Optional Reading:
From Week 8 Equity, Diversity, and Inclusion in LIS and Information Professions
Hall, T. D. (2007). Race and place: A personal account of unequal access. American Libraries, 38(2), 30-33. https://americanlibrariesmagazine.org/2020/04/23/race-place-unequal-access/
Additional Readings:
From Week 5 A History of LIS
Brady, H. and Franky, A. (2015, September). A History of US Public Libraries. Digital Public Library of America
Over this semester, I wanted to learn more about the diversity or lack thereof within the Library and Information Science industry and the inequality between white and African American populations over history and the present day. When choosing the articles to read and write about for this paper I decided to look for articles that were based on these issues. The articles I chose were from weeks 8 and 5. The first article I chose was the article called Race and place: A personal account of unequal access, by Hall. The second article I chose was the article called A History of US Public Libraries, by Brady and Franky. I will be breaking down these articles with a critical analysis of the strengths and weaknesses of the articles as well as relating them back to what we learned in class.
The first reading, it was a first-hand account of the inequality of access in the rural deep south in the past and present for the year 2007. The author talks about the library where she went to growing up like this, “Anti-theft bars covered every possible point of entry….It was painted a yellowish color that, depending on how the sun hit it, read from pale canary to drab mustard” (Hall, 2007).

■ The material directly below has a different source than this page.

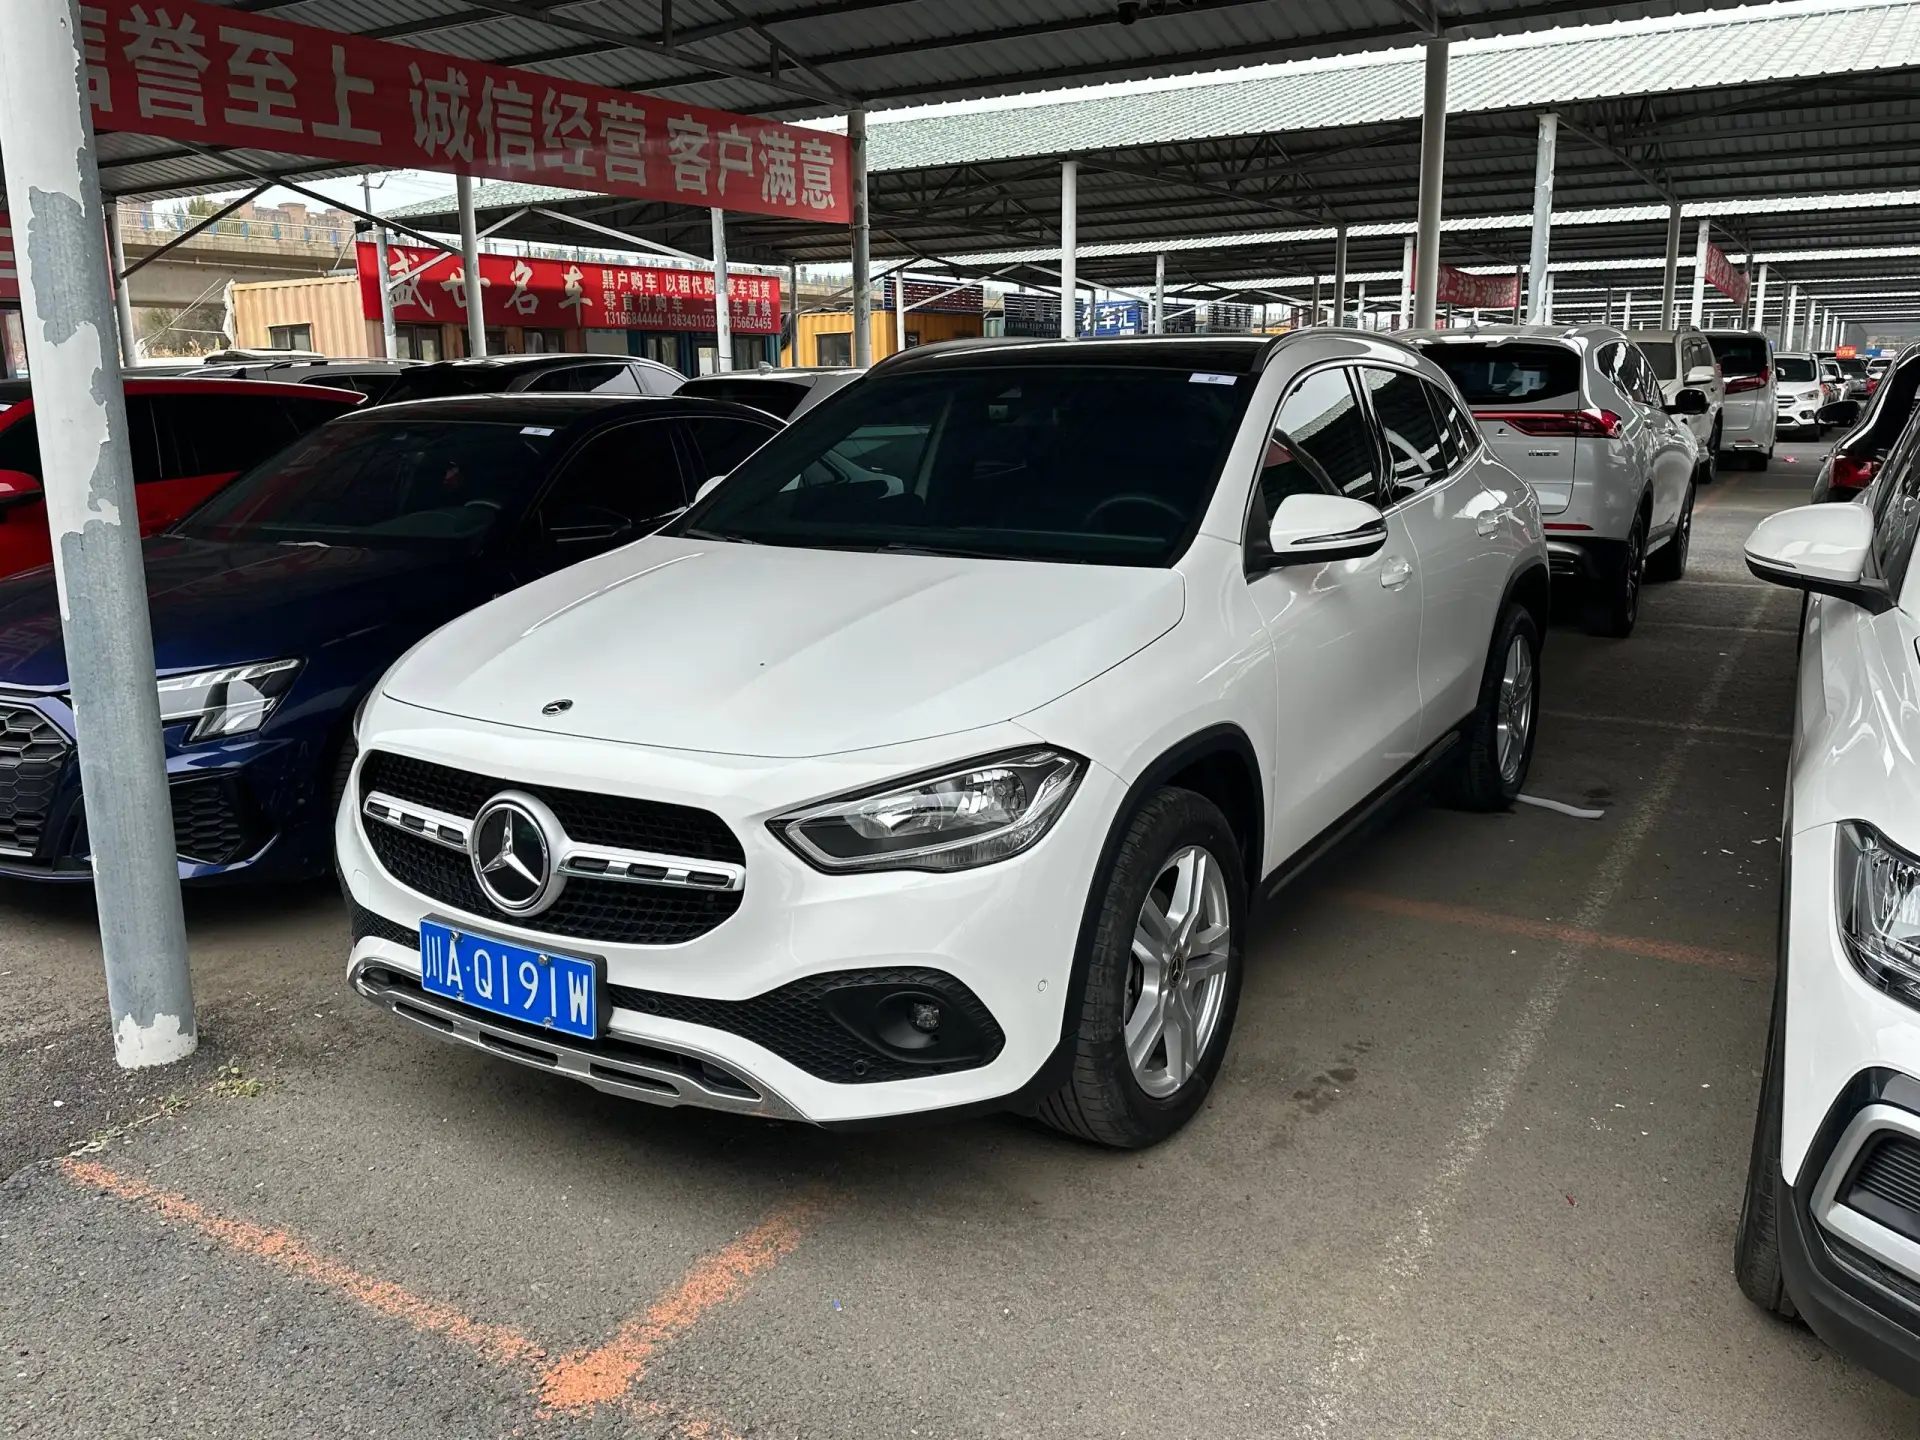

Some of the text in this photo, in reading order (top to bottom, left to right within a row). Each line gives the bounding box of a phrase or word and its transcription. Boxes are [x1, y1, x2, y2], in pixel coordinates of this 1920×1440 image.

Her descriptions of the library that she visited weekly as a child painted quite an image for me as the reader. Her description of the library “from the other side of the tracks” as she called it was, “their public library, a gleaming white, a newly blue-carpeted edifice to self-learning” (Hall, 2007). One of the main strengths of this author is her descriptions of the area and the libraries that she visited as a child and the big differences between them. Her writing helps to paint a picture of the past and the present that she is writing about at that time. At the end of the article, she described the renovation of the library that she had visited a lot as a young child after many years of not visiting when in need of the internet, “By the time I made my way to the new iteration of the yellow palace—now relocated, expanded, and situated across the street from a thriving shopping plaza that features the wonder of all wonders, a grocery store—my head was swimming with possibilities. My euphoria was short-lived. Inside the library, the large majority of children and adults gathered around a bank of computer terminals each waiting for their precious hour of allotted time” (Hall, 2007). The one weakness that she has within this article is that she doesn’t reference studies or anything academic about the changes over time but I think that’s why I like it because it reads more like a blog post than a scholarly article or the digital archives I chose to compare it to. I think that this article helps show that over time libraries in the rural deep south have evolved but still have inequalities.
The second article I chose was the digital archives called A History of US Public Libraries. This article’s authors chose to have a more typical scholarly layout but in an exhibition way. Once you press the “Explore Exhibition” button when you first open the page it shows you the entire exhibition and you can choose on the left-hand side (Brady and Franky, 2015). I chose to go to the “Segregated Libraries” section because that goes into the history of inequalities in public libraries and the African American community (Brady and Franky, 2015). The main strength of this section is that it helps to show the inequalities through pictures and descriptions of the time. The history of the African American community when written by most historians tries to sound objective and like the inequalities, and adversities that they faced are in the past as if they don’t still exist. That is the main weakness of this exhibition because it sounds neutral and objective about these issues. In comparison to the article written by Hall, this exhibition shows more of an overall history vs a personal experience history of inequalities and adversity of the African American community.
When it comes to this class we talked a lot about neutrality but not as much about the diversity and inequalities that libraries still perpetuate in present-day as well as in the profession's history. Both of these articles represented the Library and Information Science industry just from different perspectives. The first article written by Hall was more of a personal experience of the inequalities and adversity of the African American community and how it is shown through the public library system. This article to me helps show how libraries can not be neutral and ignore the socioeconomic issues that the community and populations of people are facing. The second article written by Brady and Franky showed a more broad picture of the history of libraries and some of it focused on the inequalities and adversity that the African American community has faced within the library system and industry. Overall I liked the first article more because of the personal touch and description of the inequalities and adversity that were faced and are continuing to face by those of lower socioeconomic standing and the African American community in the deep south.